According to data from Climate Watch last year, the fastest-growing source of emissions is transport with about 14% of annual emissions.
And, more concerning, transport emissions are on the rise.
As written in the European Commission’s communication to the European Parliament in the hydrogen strategy for a climate-neutral Europe, the chemical element is enjoying a renewed and rapidly growing attention in Europe and around the world. Hydrogen can be used as a feedstock, a fuel, or an energy carrier and storage, and has many possible applications across industry, transport, power, and buildings sectors. Most importantly, it does not emit CO2 and almost no air pollution when used. And as 72% of global transport emissions come from road vehicles and a growing number of governments and businesses align on a common vision of a net-zero emissions energy system, the five H2Accelerate participants believe that hydrogen is an essential fuel for the complete decarbonisation of the truck sector.
Achieving a large-scale roll-out of hydrogen fuelled trucks is also expected to create new industries: zero-carbon hydrogen production facilities, large-scale hydrogen distribution systems, a network of high-capacity refuelling stations for liquid and gaseous hydrogen, and the production of hydrogen-fuelled trucks. The quintet behind the initiative believes that synchronized investments across the sector during the 2020s will create the conditions for the mass market roll-out of hydrogen-fuelled heavy duty transportation which is required to meet the European ambition of net zero emissions by 2050.

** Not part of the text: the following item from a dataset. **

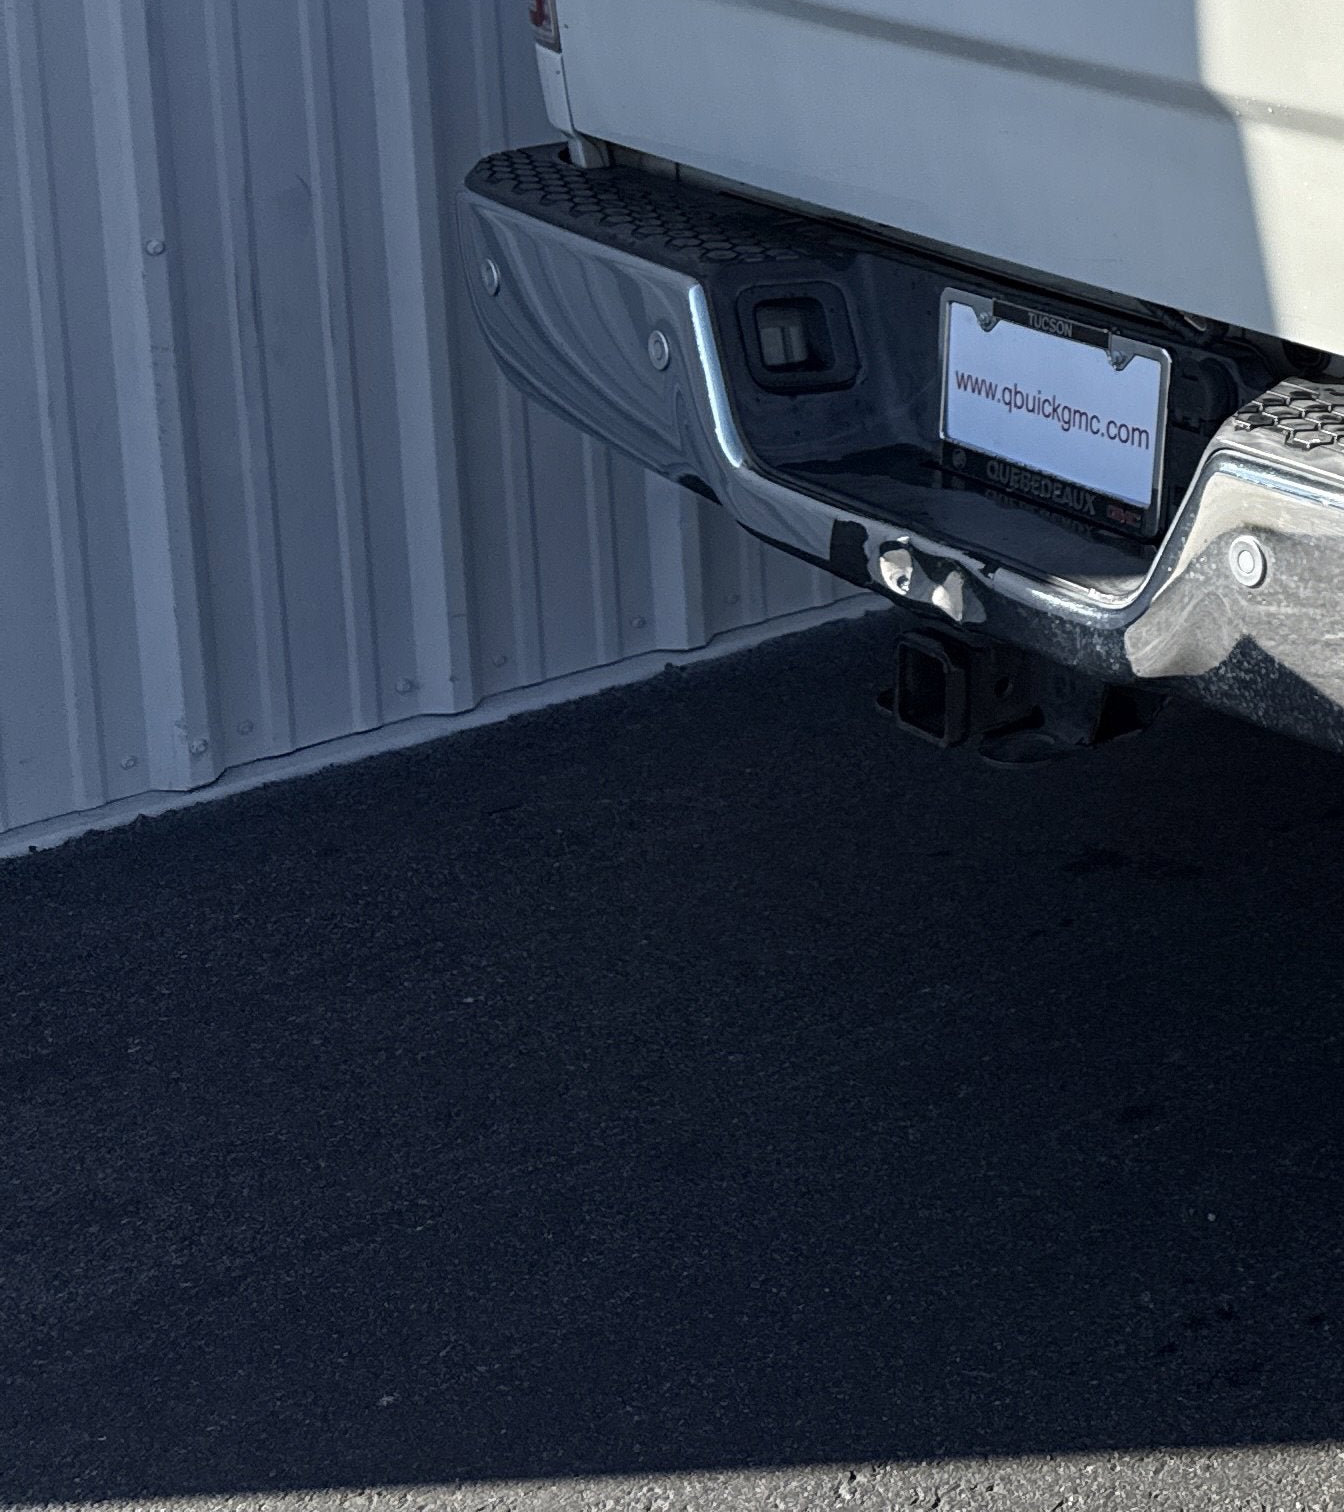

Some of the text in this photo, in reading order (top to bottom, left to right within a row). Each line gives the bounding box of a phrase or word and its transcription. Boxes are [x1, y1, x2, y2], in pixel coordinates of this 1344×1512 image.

[1027, 312, 1073, 338] TUCSON
[955, 370, 1150, 450] www.qbuickgmc.com
[986, 459, 1097, 516] QUEBEDEAUX

The decade long scale-up is expected to begin with groups of customers willing to make an early commitment to hydrogen-based trucking. These fleets are expected to operate in regional clusters and along European high capacity corridors with good refuelling station coverage. During the decade, these clusters can then be interconnected to build a pan-European network.
— Climate change is the challenge of our generation and we are fully committed to the Paris Climate Agreement for decarbonizing road transport. In the future, the world will be powered by a combination of battery-electric and fuel-cell electric vehicles, along with other renewable fuels to some extent. The formation of the H2Accelerate collaboration is an important step in shaping a world we want to live in, says Martin Lundstedt, President and CEO of the Volvo Group.

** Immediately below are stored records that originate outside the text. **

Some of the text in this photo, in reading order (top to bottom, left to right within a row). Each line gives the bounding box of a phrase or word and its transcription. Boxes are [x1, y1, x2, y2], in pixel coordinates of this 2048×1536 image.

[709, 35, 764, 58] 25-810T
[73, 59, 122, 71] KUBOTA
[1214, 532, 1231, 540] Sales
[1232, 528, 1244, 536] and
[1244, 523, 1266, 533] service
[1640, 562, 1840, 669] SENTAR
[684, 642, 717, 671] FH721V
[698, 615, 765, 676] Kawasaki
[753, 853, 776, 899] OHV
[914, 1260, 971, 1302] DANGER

The initiative is divided into two parts where phase one includes rollout of the first, up to 20 high capacity stations on selective locations and clusters and 100s of trucks. During the second half of 2020s, the aim is to rapidly reach up to 10,000 trucks and a Europe wide coverage of major corridors and high capacity stations.
Throughout the scale up, the five companies state, support from the public sector will be required. Under H2Accelerate, the participants expect to work together to seek funding for early pre-commercial projects during the first phase of the roll-out. In parallel, the participants will engage with policy makers and regulators to encourage a policy environment which will help support the subsequent scale up into volume manufacturing for hydrogen trucks and a Europe-wide refuelling network for zero carbon hydrogen fuel.

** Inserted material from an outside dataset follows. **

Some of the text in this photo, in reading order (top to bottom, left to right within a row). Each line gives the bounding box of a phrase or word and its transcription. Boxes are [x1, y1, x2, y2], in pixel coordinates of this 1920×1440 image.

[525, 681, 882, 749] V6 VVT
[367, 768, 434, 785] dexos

— The prize is clear. By boosting scale in a big way, hydrogen-fuelled trucks will need to become available to customers at or below the cost of owning and operating a diesel truck today. This means truck customers will need to have access to a fully zero-emissions vehicle with a similar refuelling time, range, and cost range compared to the vehicles in use today. To achieve this ambition a clear regulatory framework is needed, including policies addressing the supply of hydrogen, hydrogen-fuelled trucks, refuelling infrastructure, and consumer incentives in a coordinated way, says Elisabeth Brinton, Executive Vice President for New Energies at Shell.
— The participant companies in H2Accelerate agree that hydrogen-powered trucks will be key for enabling CO2-neutral transportation in the future. This unprecedented collaboration is an important milestone for driving forward the right framework conditions for establishing a mass market for hydrogen-based trucking. It is also a call to action for policymakers, further players involved, and society as a whole, says Martin Daum, Chairman of the Board of Management of Daimler Truck AG (whose fuel-cell concept truck Mercedes-Benz GenH2, presented earlier this fall, is pictured above).